*** Recorded information Section Begins ***

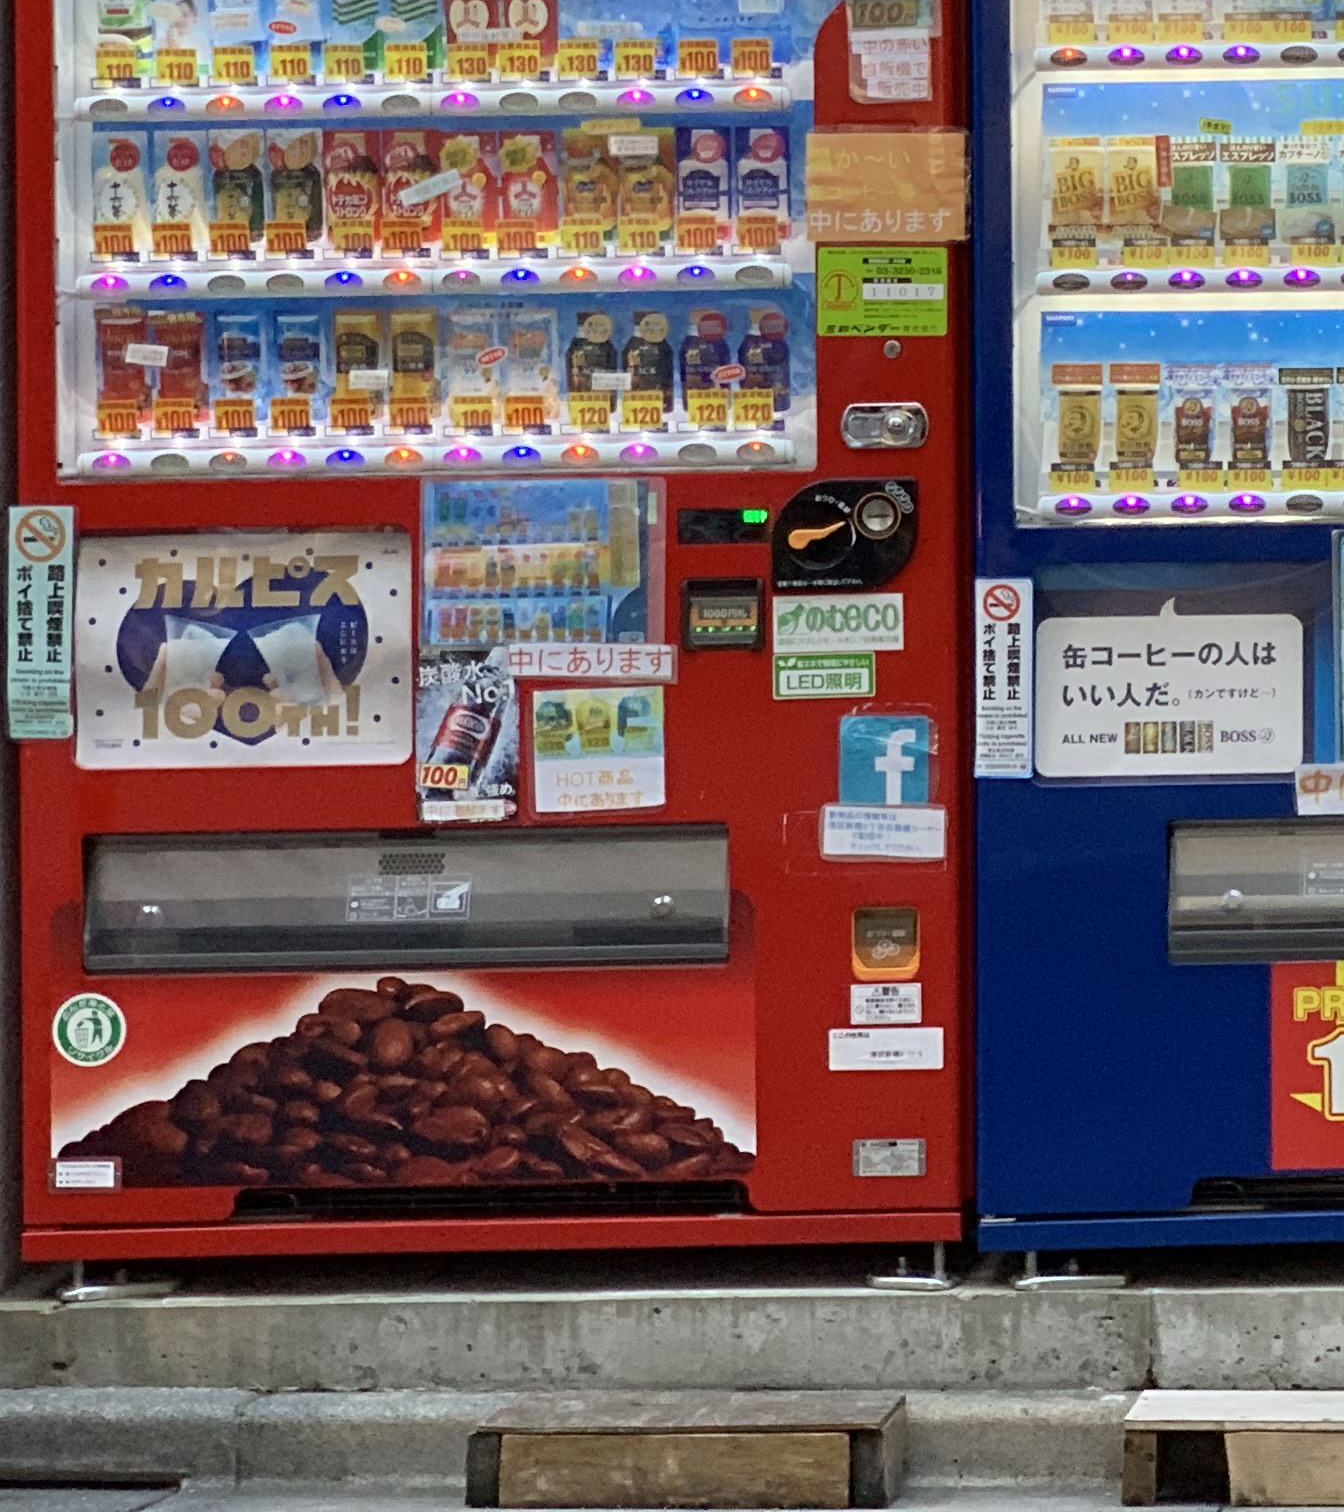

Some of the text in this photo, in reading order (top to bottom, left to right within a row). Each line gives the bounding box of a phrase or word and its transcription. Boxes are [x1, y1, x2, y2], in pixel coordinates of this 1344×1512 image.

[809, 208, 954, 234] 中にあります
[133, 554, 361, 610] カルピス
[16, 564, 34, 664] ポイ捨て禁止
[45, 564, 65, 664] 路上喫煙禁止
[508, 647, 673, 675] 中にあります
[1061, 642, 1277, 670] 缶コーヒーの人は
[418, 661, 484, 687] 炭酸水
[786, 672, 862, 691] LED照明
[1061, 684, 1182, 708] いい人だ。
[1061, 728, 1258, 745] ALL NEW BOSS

*** Recorded information Section Ends ***

**Work request**
Your reply must contain each entry exactly as written and no pictures.

**Reply to the task**
Some of the text in this photo, in reading order (top to bottom, left to right within a row). Each line gives the bounding box of a phrase or word and its transcription. Boxes are [x1, y1, x2, y2], in pixel coordinates of this 1344×1512 image.

[809, 208, 954, 234] 中にあります
[133, 554, 361, 610] カルピス
[16, 564, 34, 664] ポイ捨て禁止
[45, 564, 65, 664] 路上喫煙禁止
[508, 647, 673, 675] 中にあります
[1061, 642, 1277, 670] 缶コーヒーの人は
[418, 661, 484, 687] 炭酸水
[786, 672, 862, 691] LED照明
[1061, 684, 1182, 708] いい人だ。
[1061, 728, 1258, 745] ALL NEW BOSS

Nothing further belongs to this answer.